TASK DIRECTIONS => Copy every record word for word. Pictures are not part of the copy.
⟨
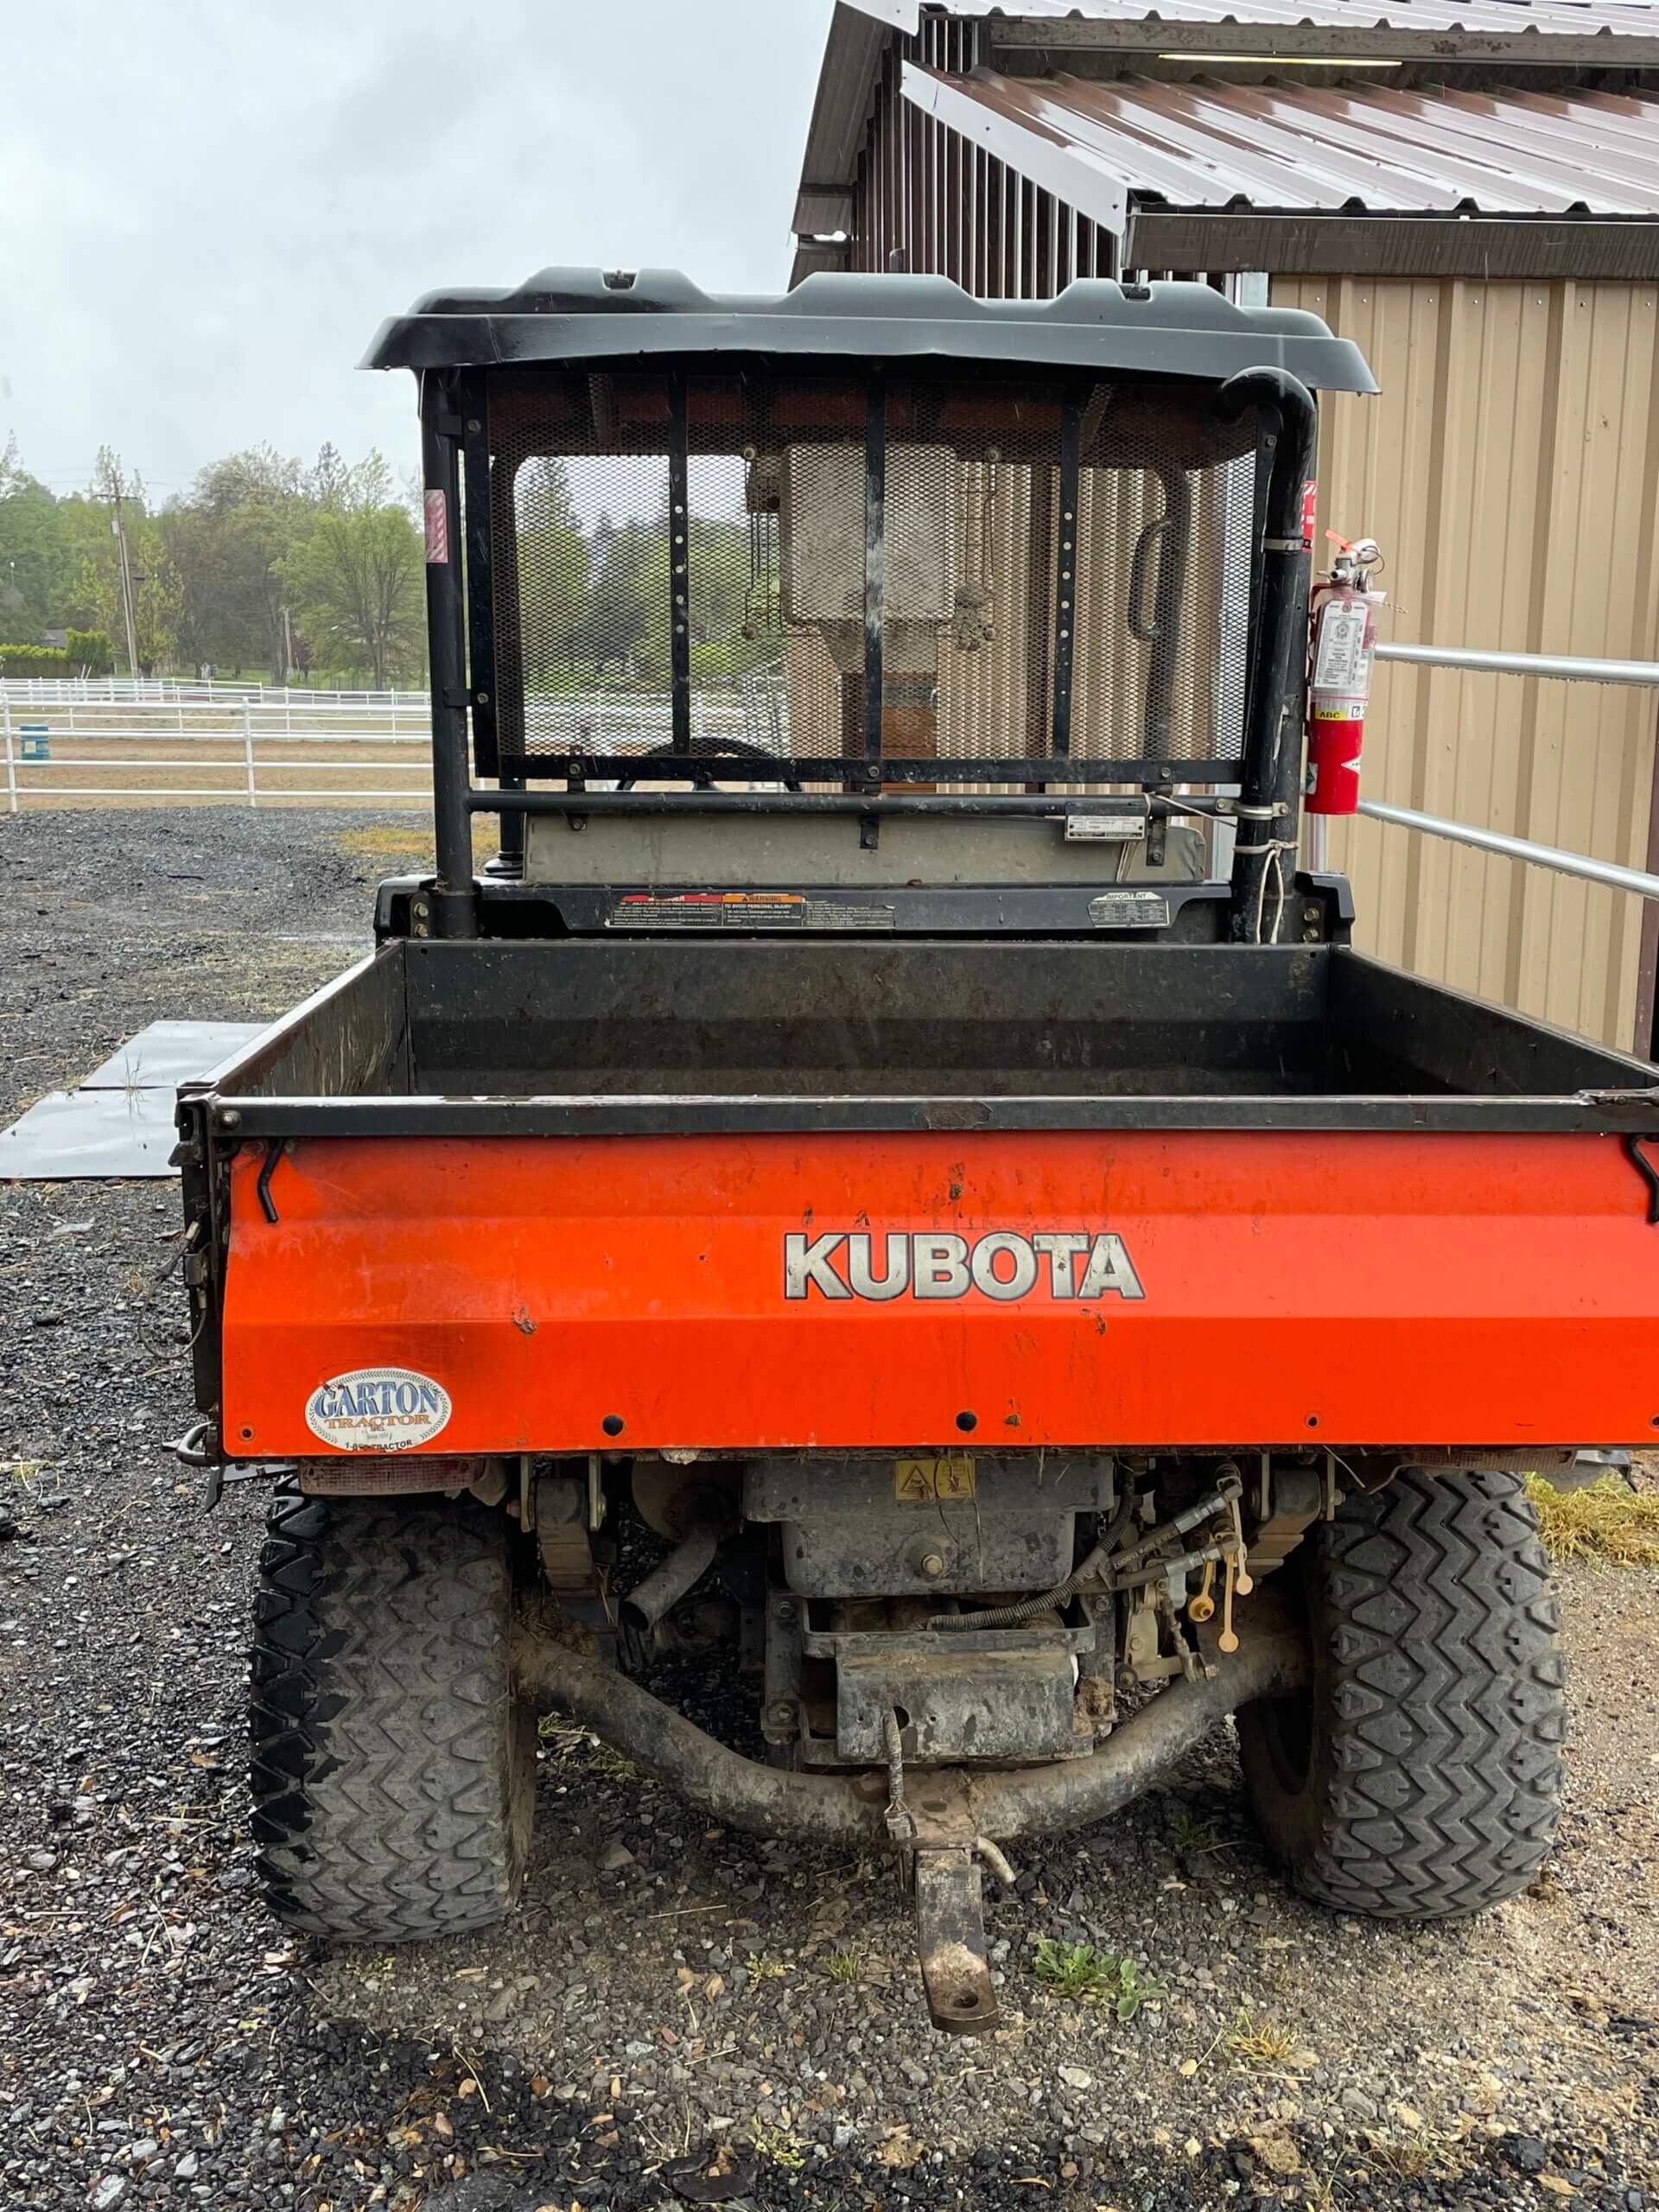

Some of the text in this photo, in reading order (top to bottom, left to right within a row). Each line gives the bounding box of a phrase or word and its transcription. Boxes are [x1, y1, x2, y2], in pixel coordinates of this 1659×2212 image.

[784, 1231, 1146, 1300] KUBOTA
[315, 1382, 438, 1418] GARTON
[325, 1414, 431, 1428] TRACTOR
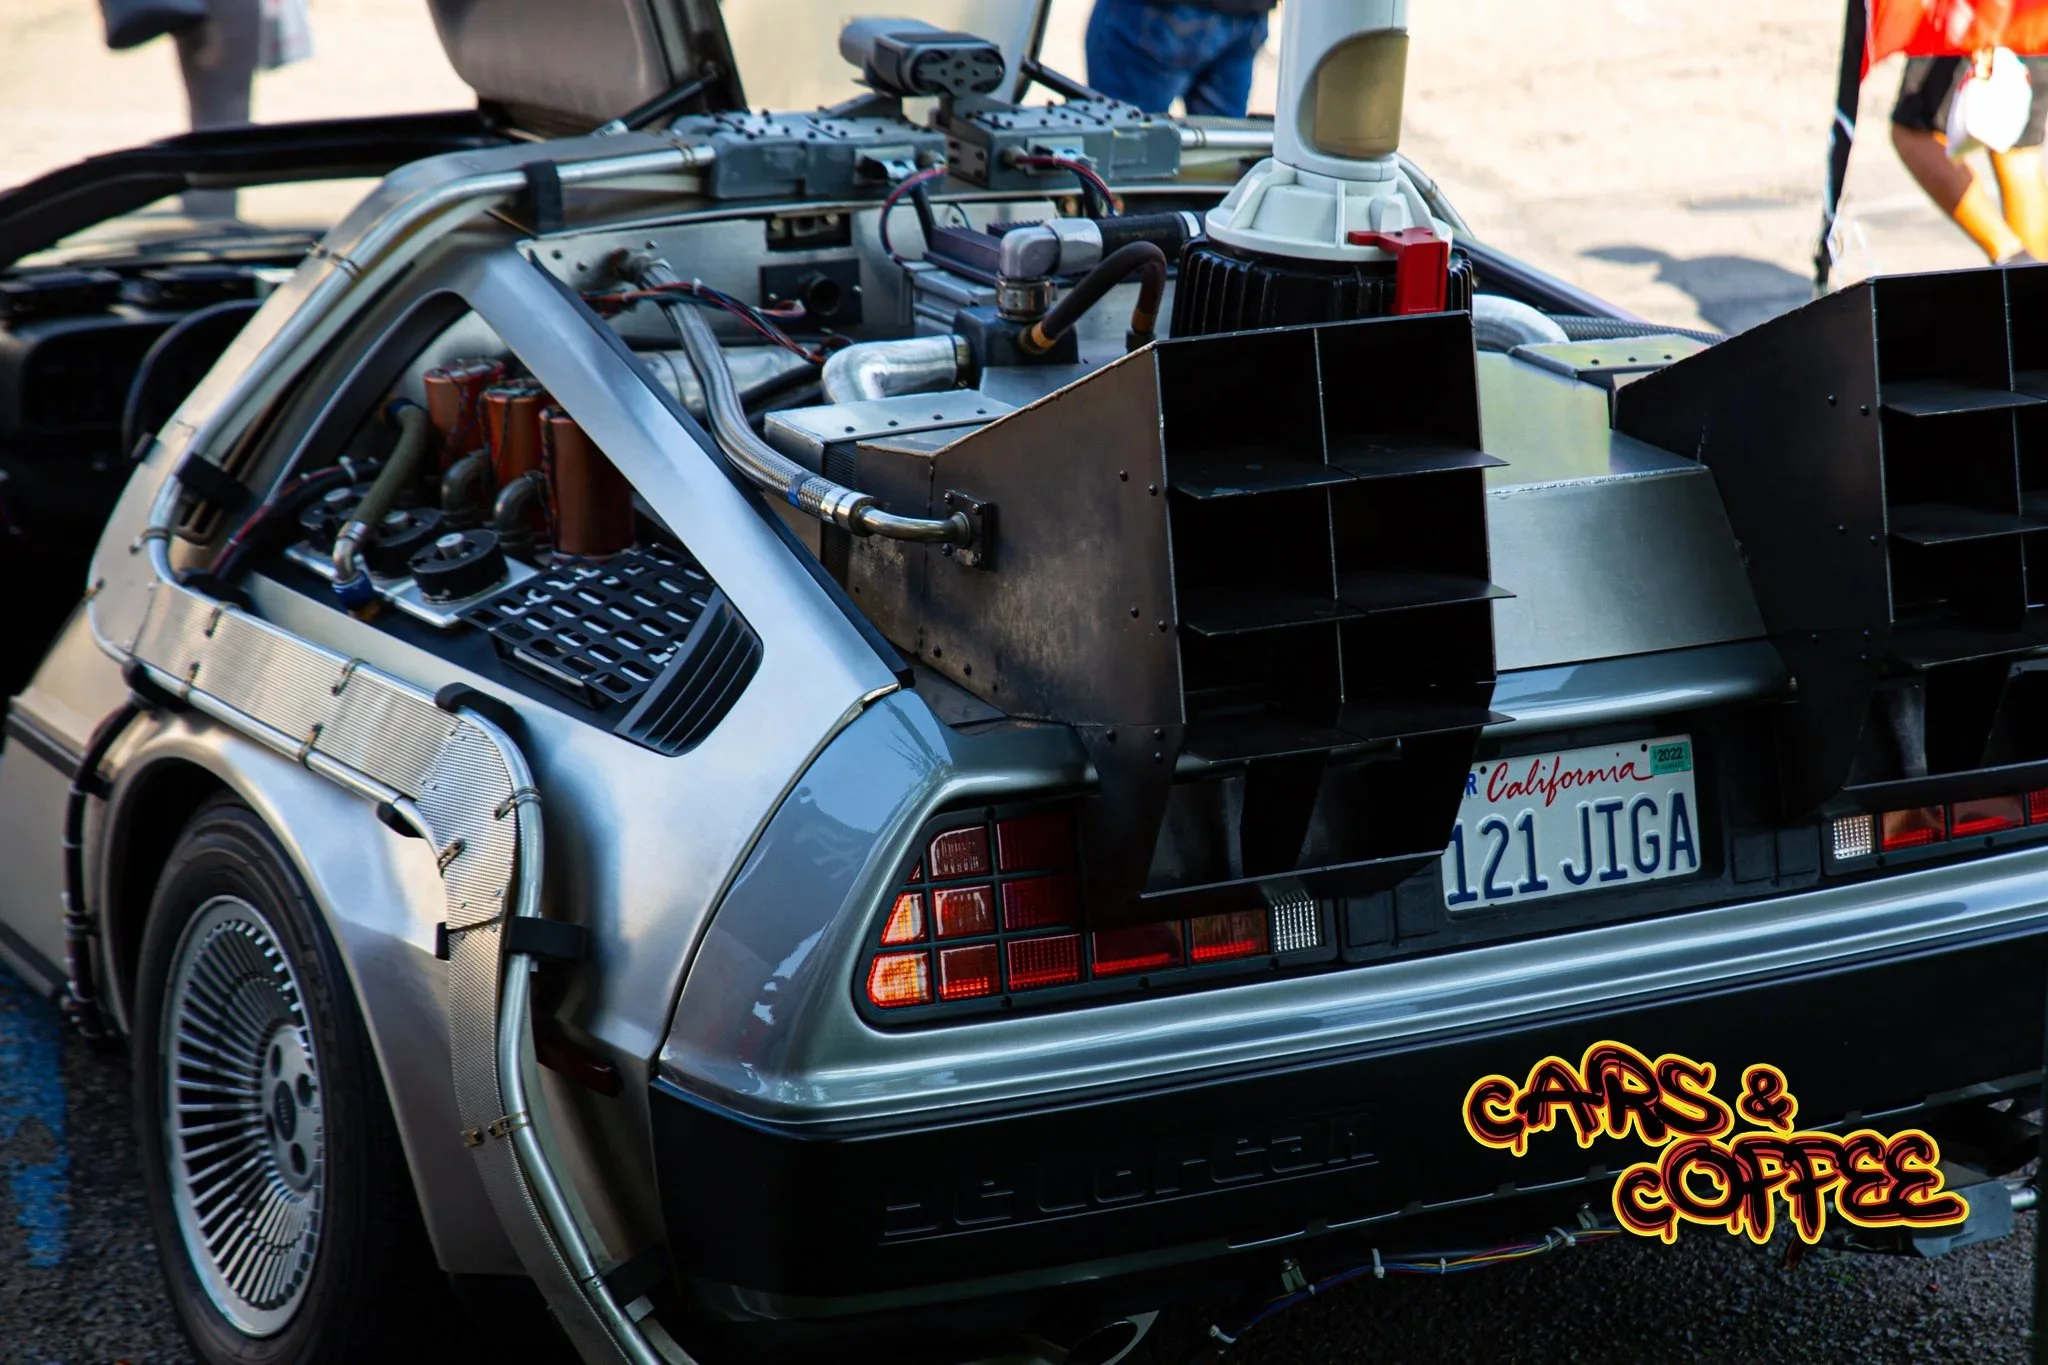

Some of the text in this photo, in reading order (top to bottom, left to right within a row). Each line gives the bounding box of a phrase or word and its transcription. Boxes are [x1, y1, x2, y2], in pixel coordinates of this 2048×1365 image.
⟩
EXERCISE ANSWER =>
Some of the text in this photo, in reading order (top to bottom, left to right within a row). Each line gives the bounding box of a phrase or word and its transcription. Boxes are [x1, y1, x2, y2], in pixel coordinates of this 1659×2212 image.

[784, 1231, 1146, 1300] KUBOTA
[315, 1382, 438, 1418] GARTON
[325, 1414, 431, 1428] TRACTOR

Some of the text in this photo, in reading order (top to bottom, left to right within a row). Each line gives the bounding box of a phrase or word and its transcription. Boxes are [x1, y1, x2, y2], in pixel coordinates of this 2048×1365 image.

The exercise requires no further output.